A full redeployment of the 182nd Division was scheduled to be conducted in Wehrkreis X (Hamburg) starting in October 1944, but the division was called to Slovakia ahead of the deployment's completion on 20 November 1944. Here, the division was to complete deployment in the Nitra area in Wehrkreis XVII (Vienna), using recruits from Wehrkreis XII (Wiesbaden). The division's structure in late 1944 was as follows:

- 182nd Division HQ, Nitra.
- Reserve Grenadier Regiment 79 (Battalions: 208, 212), Topoľčany
- Reserve Grenadier Regiment 112 (Battalions: 110, 438), Banská Štiavnica.
- Reserve Grenadier Regiment 342 (Battalions: 321, 698), Pritwitz.
- Reserve Artillery Detachment 1082 (three batteries), Nitrianske Pravno.
- Reserve Pioneer Company 1082, Heiligenkreuz.
- Commander Division Supply Troops 1082, Nitra.
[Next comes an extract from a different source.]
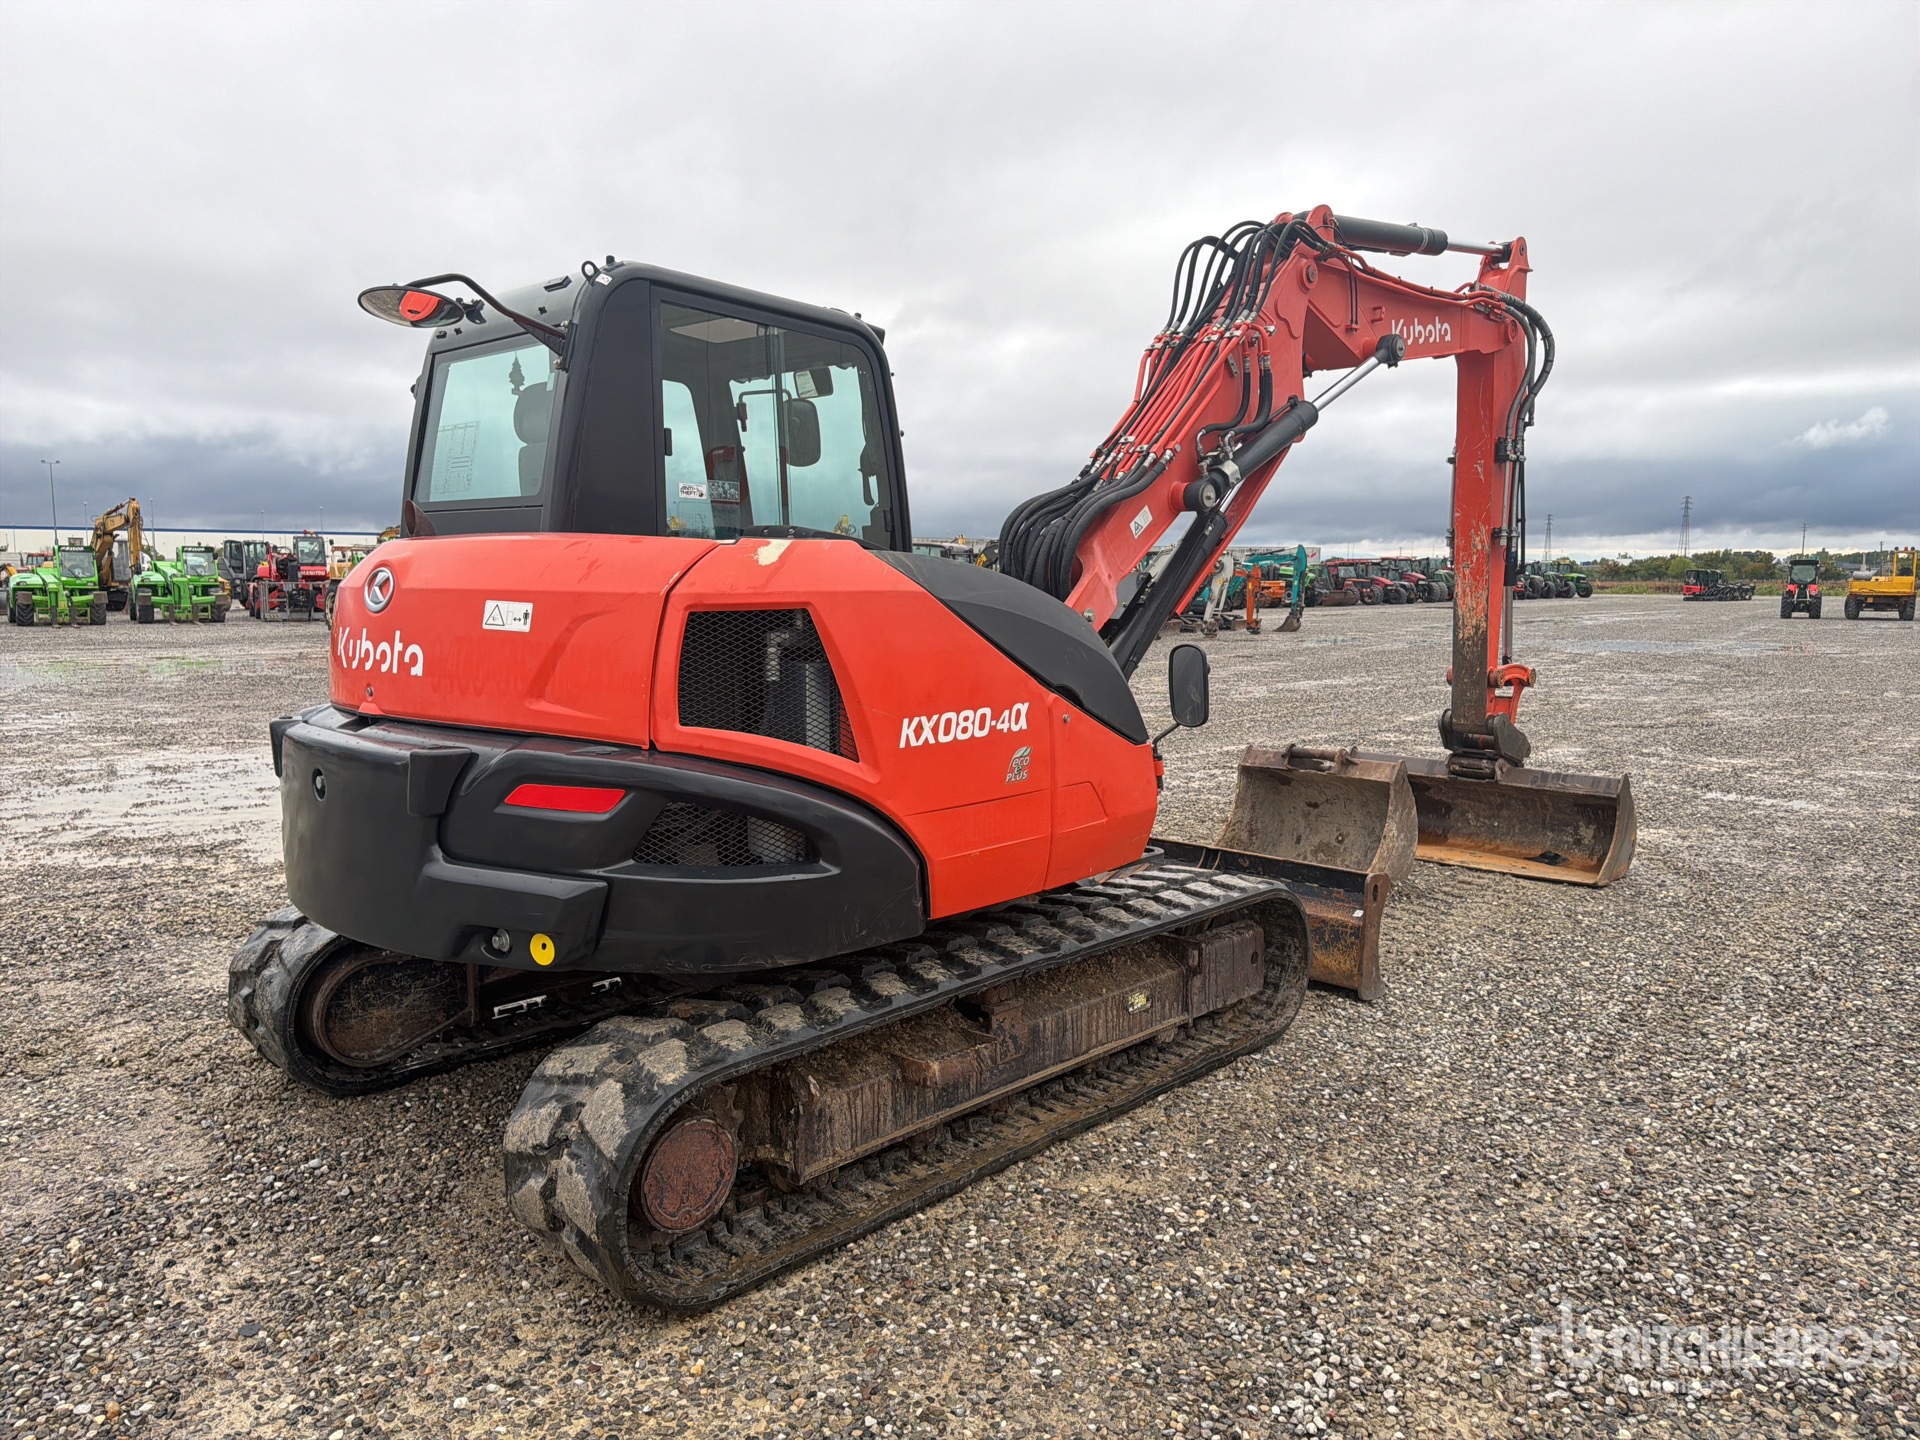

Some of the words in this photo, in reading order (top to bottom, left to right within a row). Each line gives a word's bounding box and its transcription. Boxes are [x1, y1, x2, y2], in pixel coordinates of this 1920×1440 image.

[338, 626, 424, 677] Kubota
[1012, 757, 1031, 767] eco
[1005, 770, 1029, 784] PLUS
=== 182nd Infantry Division ===
On 1 April 1945, just over a month before German surrender, the 182nd Reserve Division became the 182nd Infantry Division. The Reserve Grenadier Regiments 79, 112, and 342 became the Grenadier Regiments 663, 664, and 665, respectively. Each of these regiments retained the strength of two battalions each. The Reserve Artillery Regiment 1082, at only one battalion, became the Artillery Regiment 1082.
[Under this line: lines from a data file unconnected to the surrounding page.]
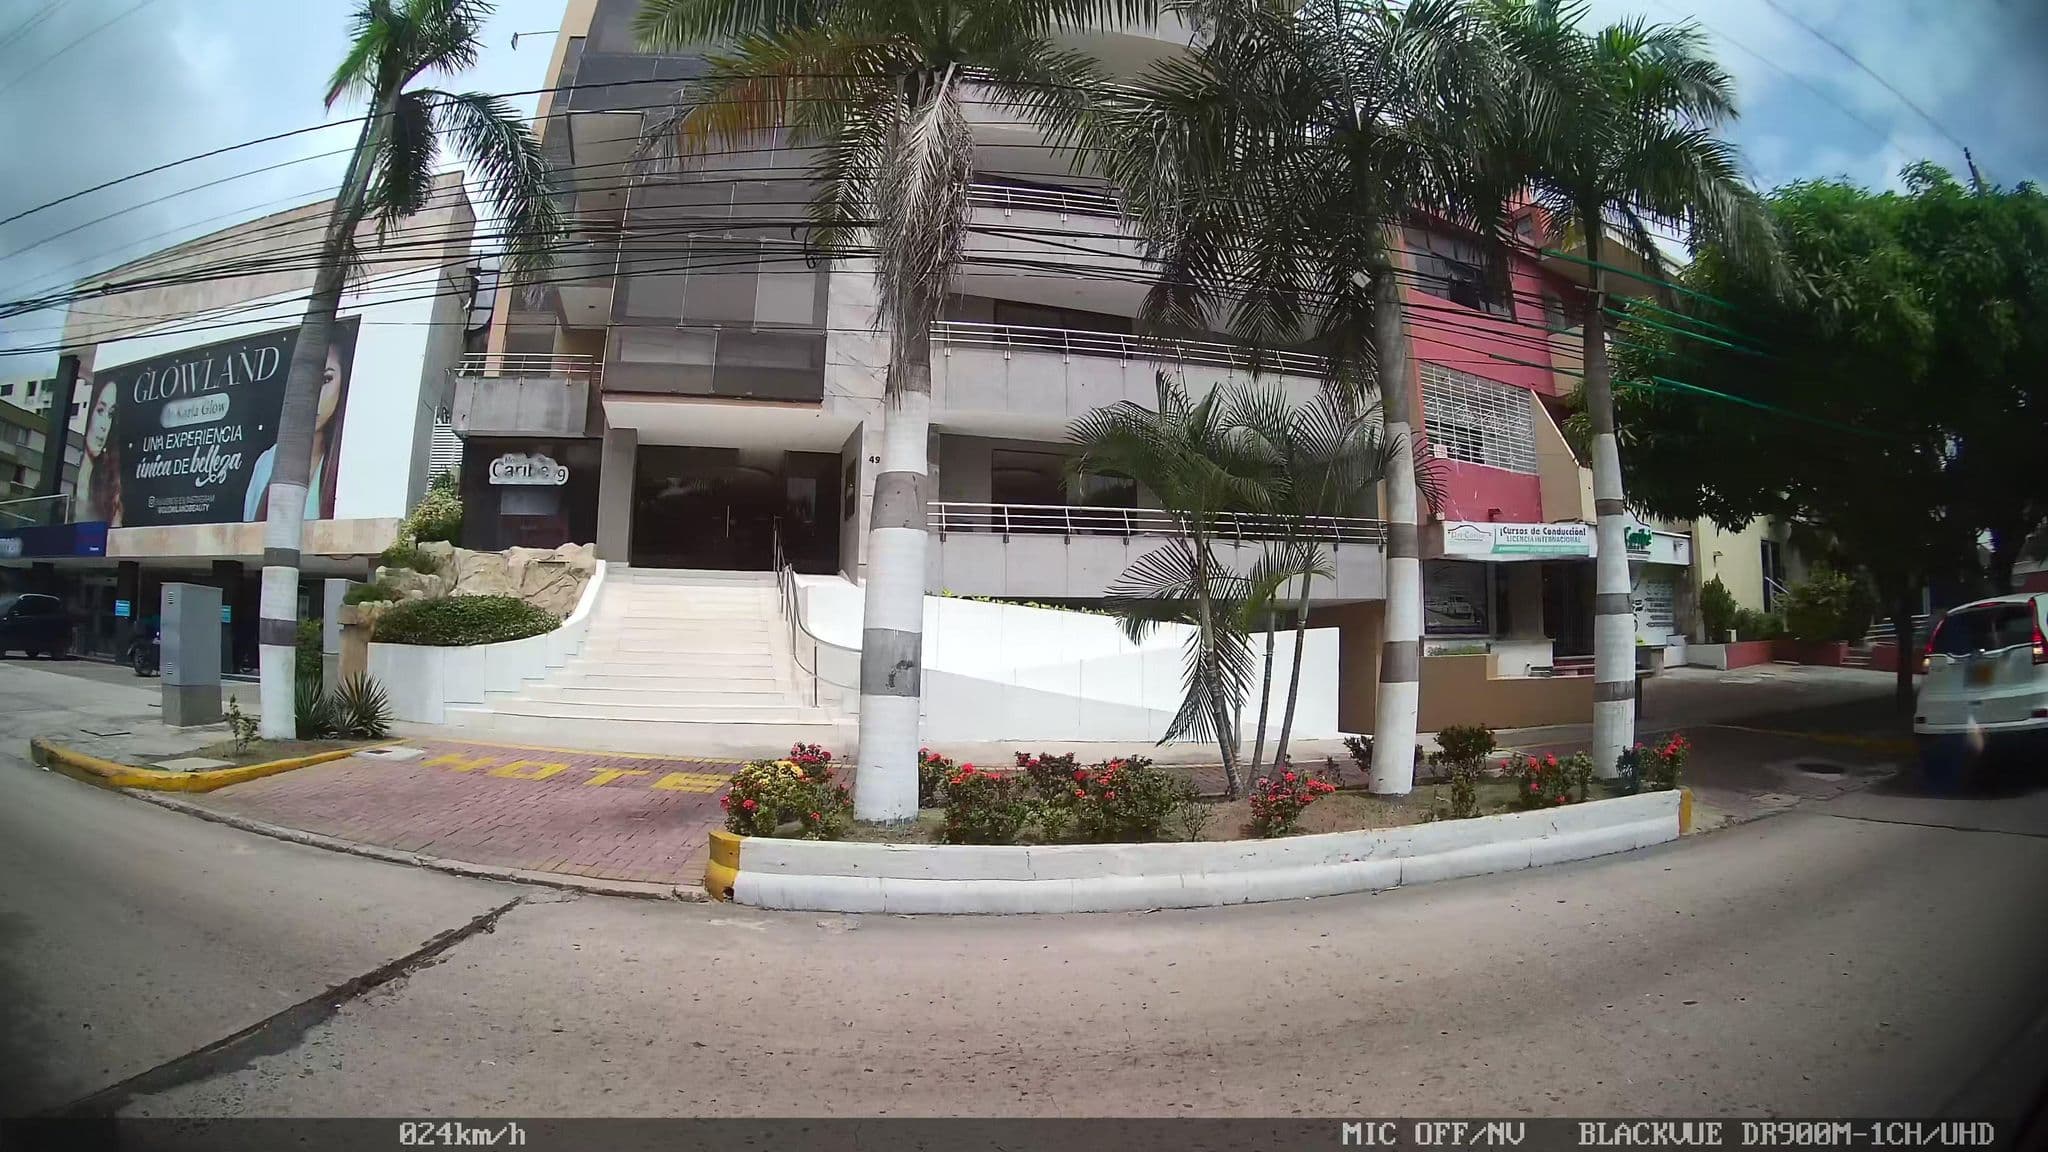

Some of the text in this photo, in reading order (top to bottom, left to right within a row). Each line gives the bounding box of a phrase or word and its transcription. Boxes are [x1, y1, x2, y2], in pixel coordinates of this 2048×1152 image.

[134, 346, 279, 403] GLOWLAND
[143, 425, 242, 452] UNA EXPERIENCIA
[173, 458, 189, 474] DE
[190, 445, 242, 487] belleza
[869, 455, 881, 464] 49
[1506, 536, 1582, 544] LICENCIA INTERNACIONAL
[1531, 527, 1541, 536] de
The division was in Slovakia when the war ended, under the command of LXXII Army Corps of the 8th Army under Army Group South. Baltzer was still divisional commander.

== Noteworthy individuals ==

- Friedrich Bayer, divisional commander starting 19 October 1939.
- Hans von Basse, divisional commander starting 24 April 1940.
- Franz Karl, divisional commander starting 30 May 1941 and again starting 3 August 1942.
- Karl Gümbel, divisional commander starting 5 June 1942.
- Paul Lettow, divisional commander starting 27 September 1942.
- Otto Schilling, divisional commander starting 5 December 1942.
- Richard Baltzer, final divisional commander starting 25 March 1944.